The first levee break occurred a few miles south of Elaine, Arkansas, on March 29. On April 15, 1927 15 inches (380 mm) of rain fell in 18 hours. This rain caused flooding which overtook the levees causing the Mounds Landing to break with more than double the water volume of Niagara Falls. The Mississippi River broke out of its levee system in 145 places. Over the next six weeks, more than 50 more levee breaks stretching from Illinois to Louisiana flooded 28,500 square miles that were home to more than 931,000 people (see map) and damaged 137,000 buildings. Heavy spring rains then added insult to injury, causing a second major flood in June.
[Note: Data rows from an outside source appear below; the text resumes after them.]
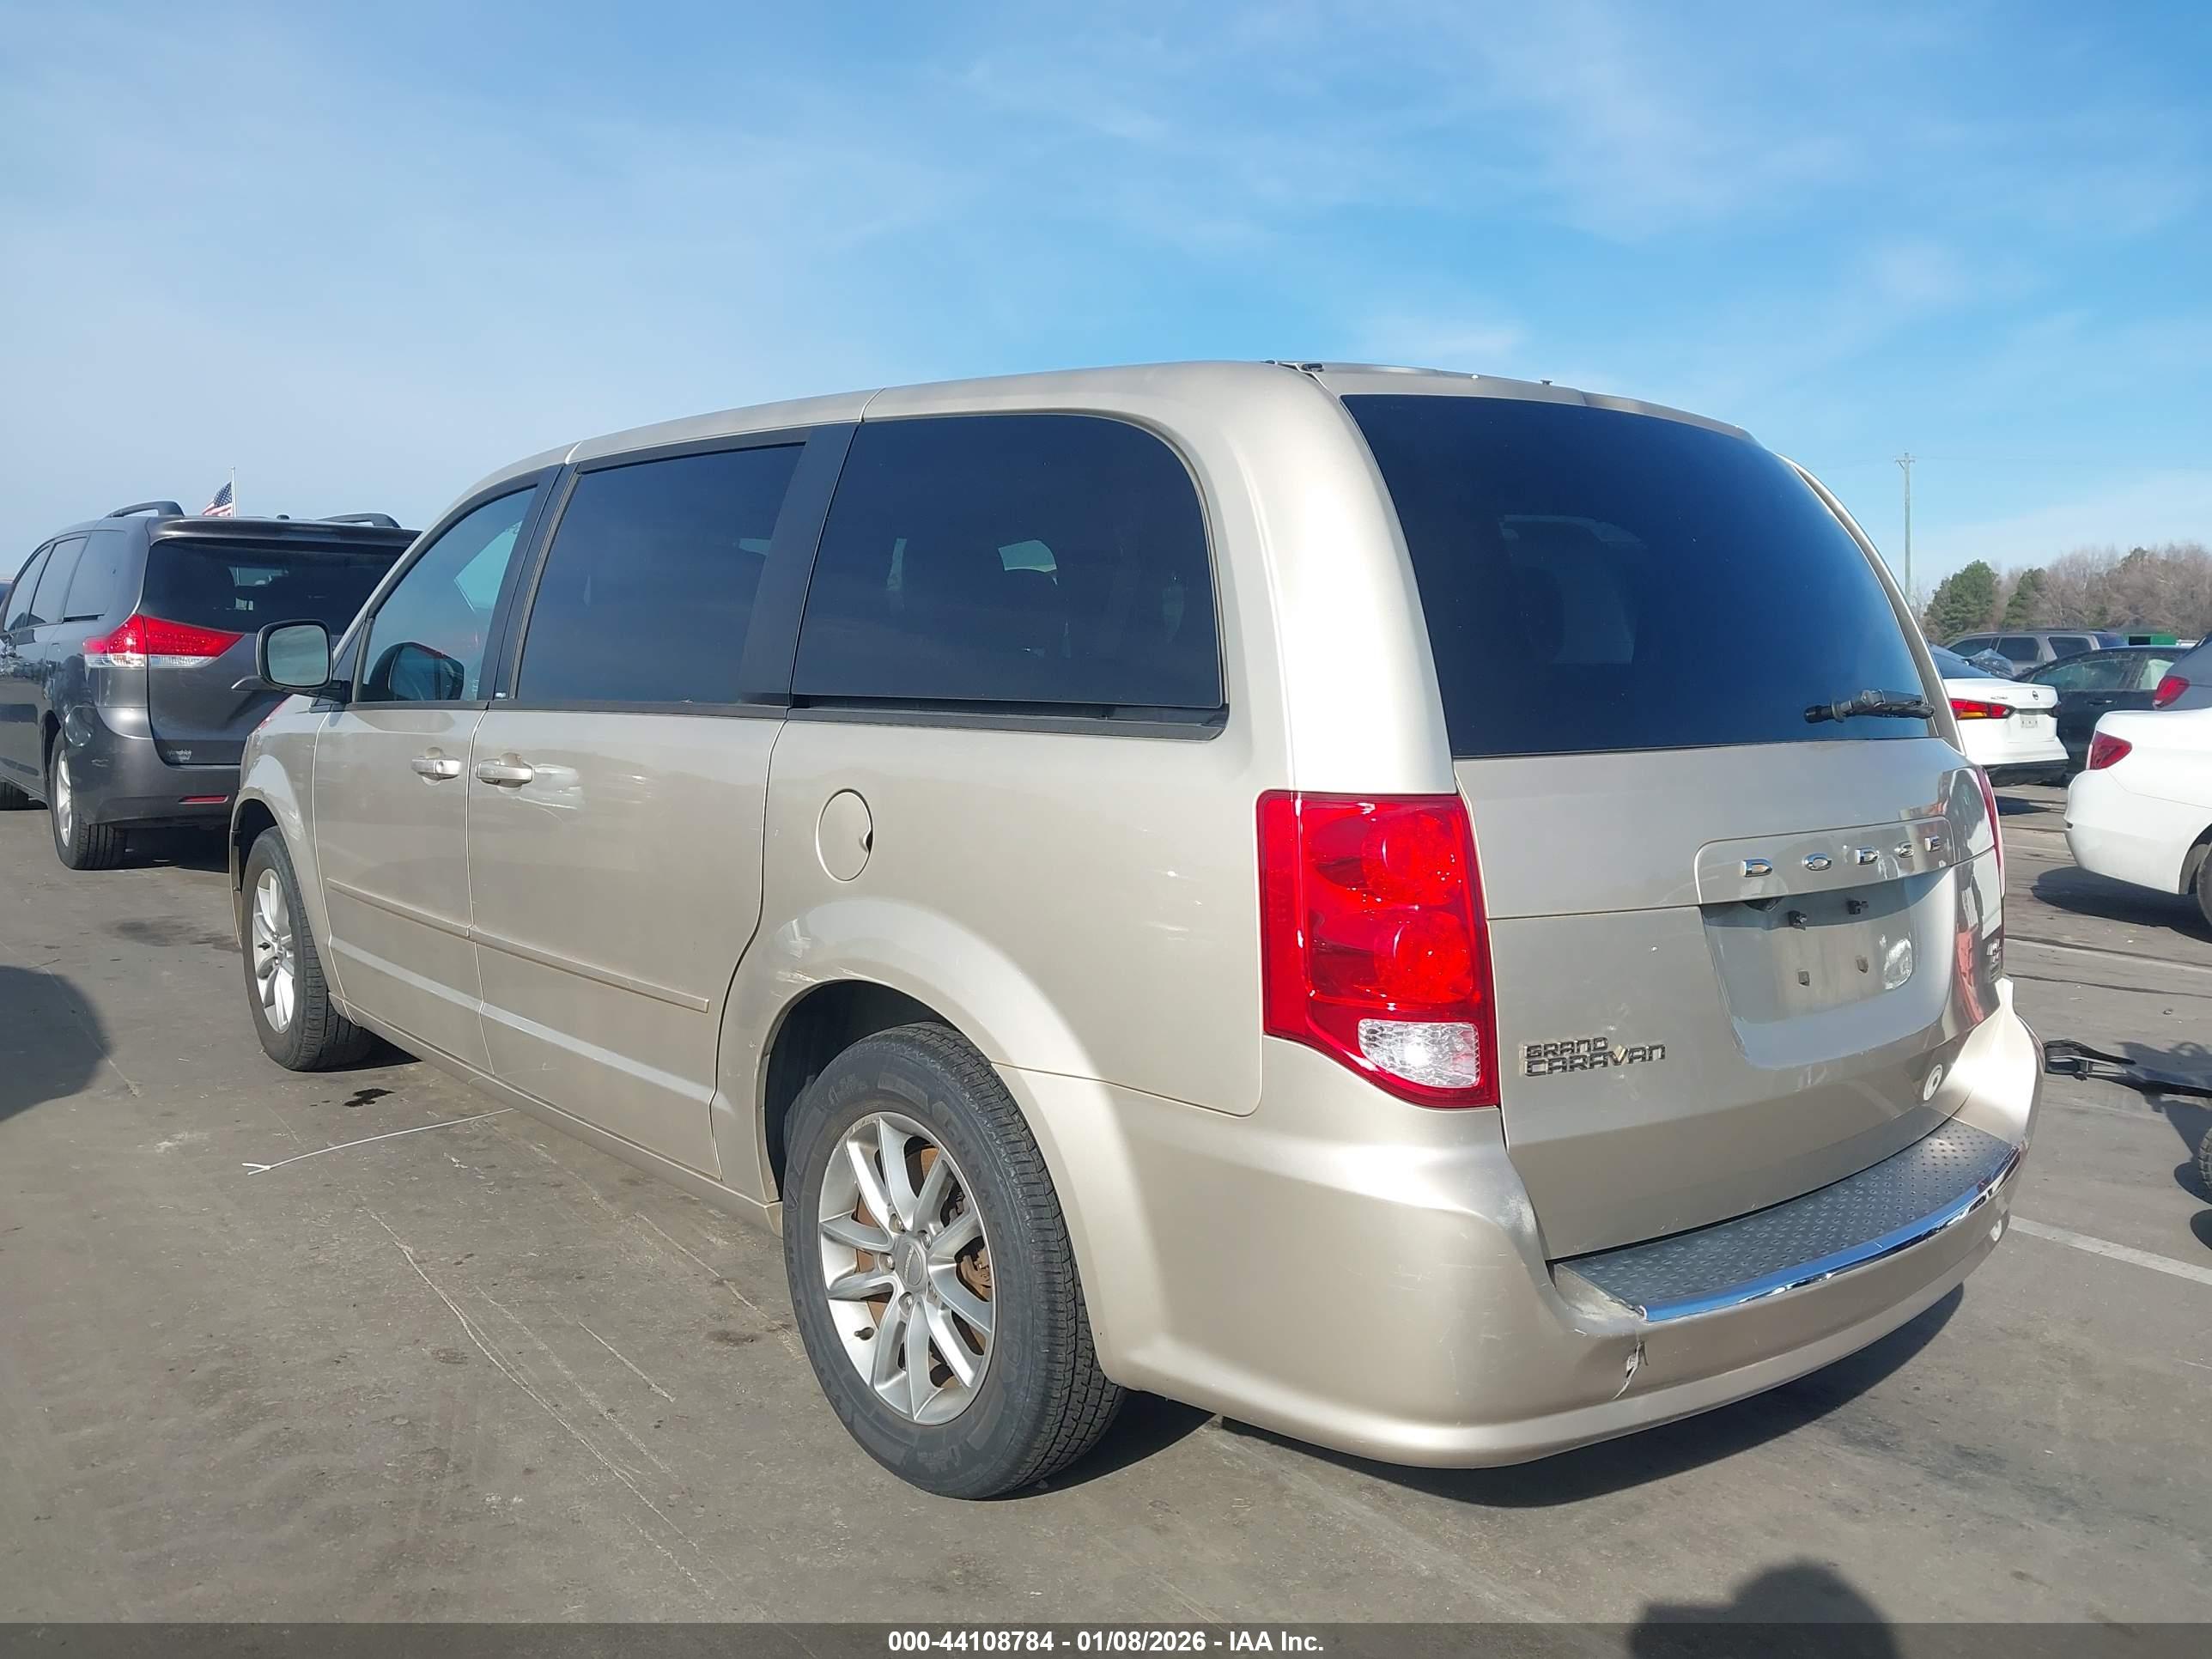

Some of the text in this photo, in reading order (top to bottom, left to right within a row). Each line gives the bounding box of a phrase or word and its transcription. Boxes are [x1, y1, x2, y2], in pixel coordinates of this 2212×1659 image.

[1741, 835, 1942, 878] DODGE
[1523, 1036, 1608, 1059] GRAND
[1523, 1044, 1666, 1077] CARAVAN
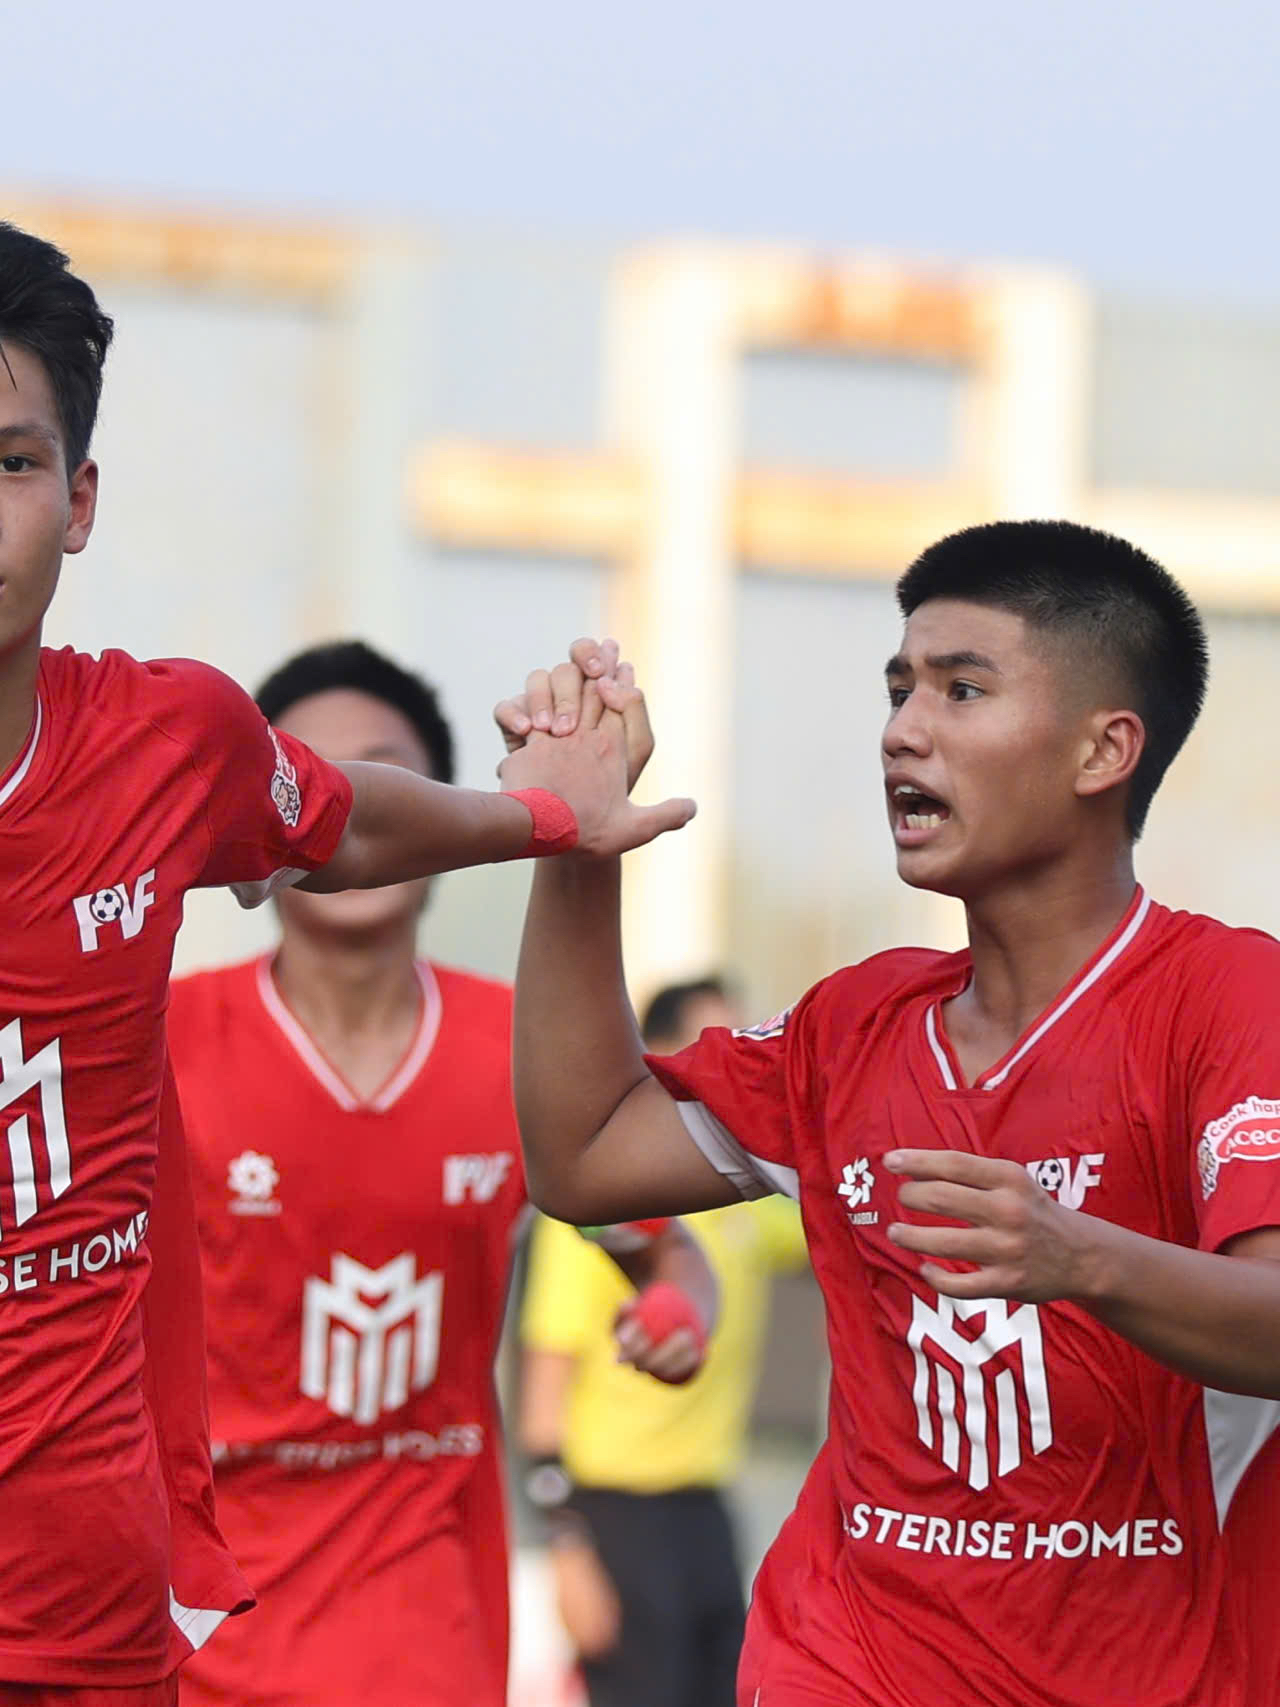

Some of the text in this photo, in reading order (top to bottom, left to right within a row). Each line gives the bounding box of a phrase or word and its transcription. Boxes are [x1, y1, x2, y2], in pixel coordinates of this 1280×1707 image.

[73, 867, 156, 953] PVF
[1210, 1105, 1247, 1137] Cook
[840, 1502, 1184, 1560] STERISE HOMES
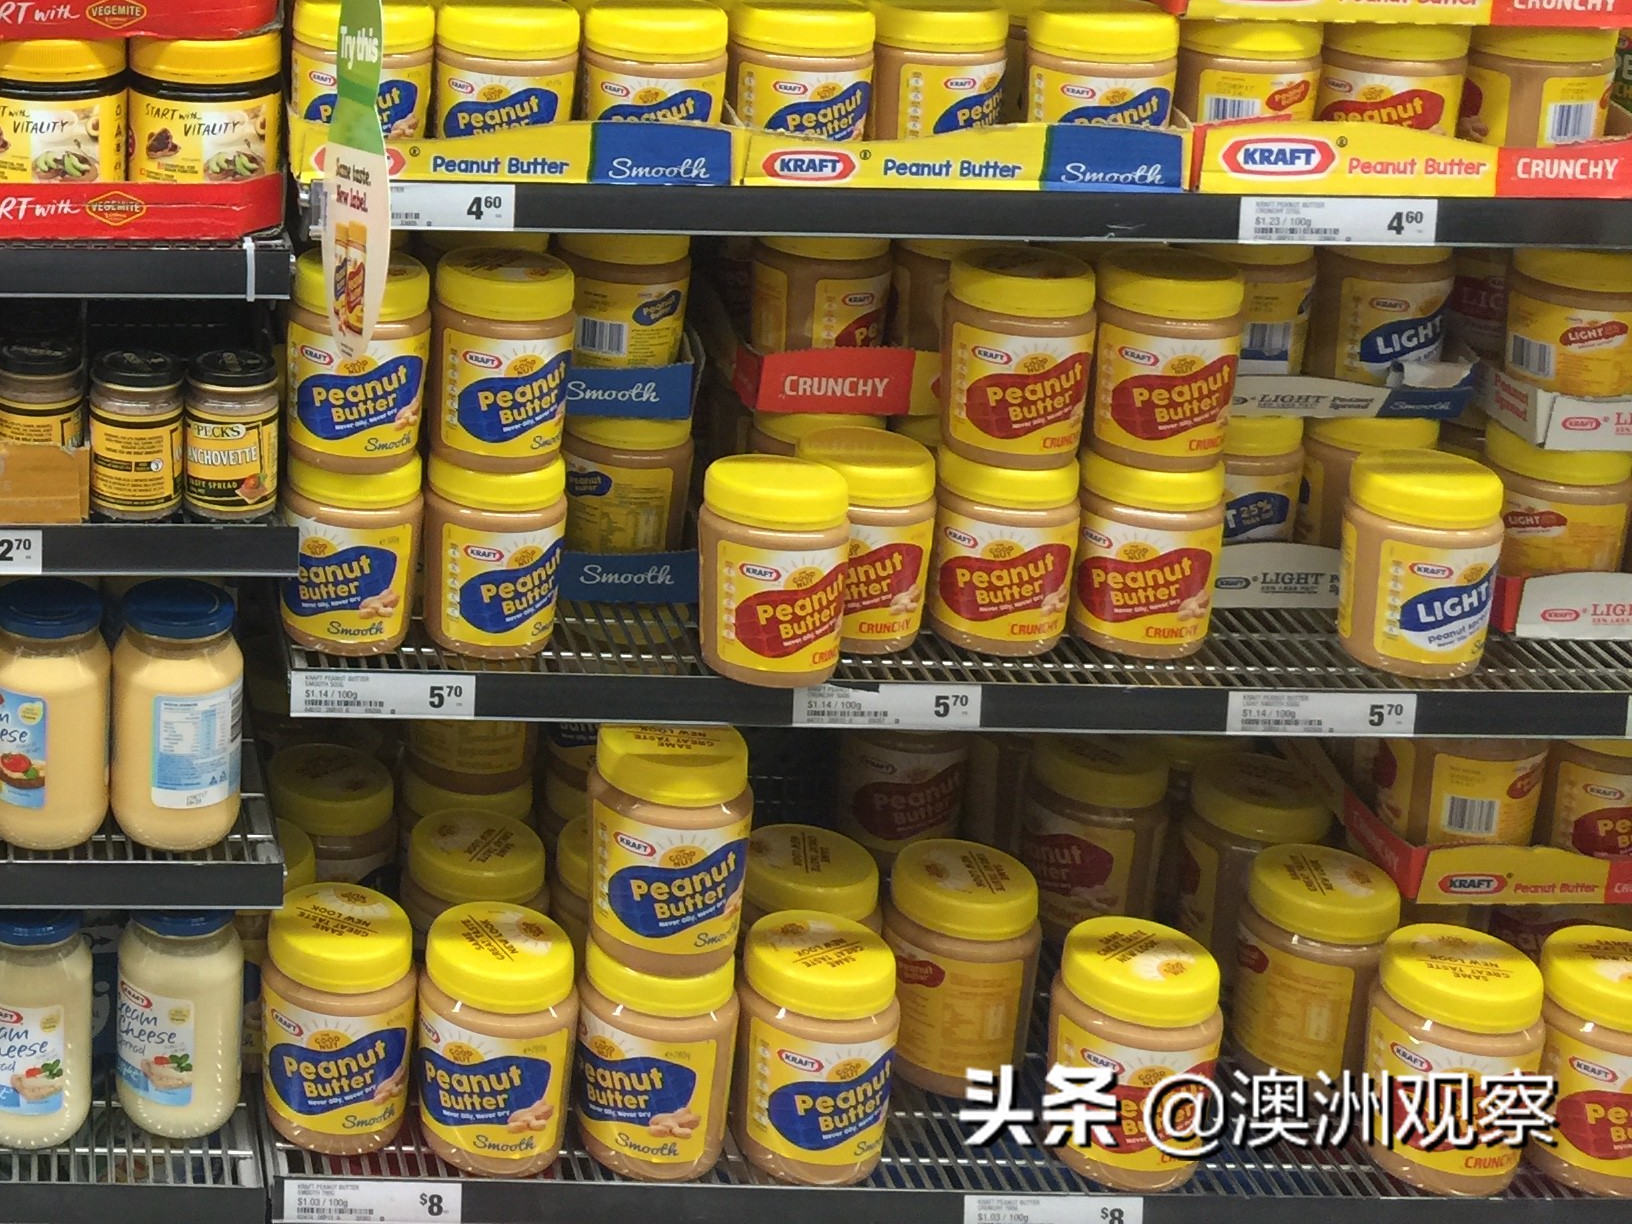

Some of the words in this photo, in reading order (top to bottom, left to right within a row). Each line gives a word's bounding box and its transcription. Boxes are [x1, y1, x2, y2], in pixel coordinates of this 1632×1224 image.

The flood affected Arkansas, Illinois, Kentucky, Louisiana, Mississippi, Missouri, Tennessee, Texas, Oklahoma, and Kansas. It covered 29,000 square miles, an area about the size of New England, destroying crops and farms, killing as many as 1,000 people, and forcing 700,000 more from their homes. Arkansas was hardest hit, with 14% of its territory covered by floodwaters. By May 1927, the Mississippi River below Memphis, Tennessee, reached a width of 60 miles (97 km). At a time when the entire budget of the federal government was barely $3 billion, the flood caused an estimated $1 billion in damage....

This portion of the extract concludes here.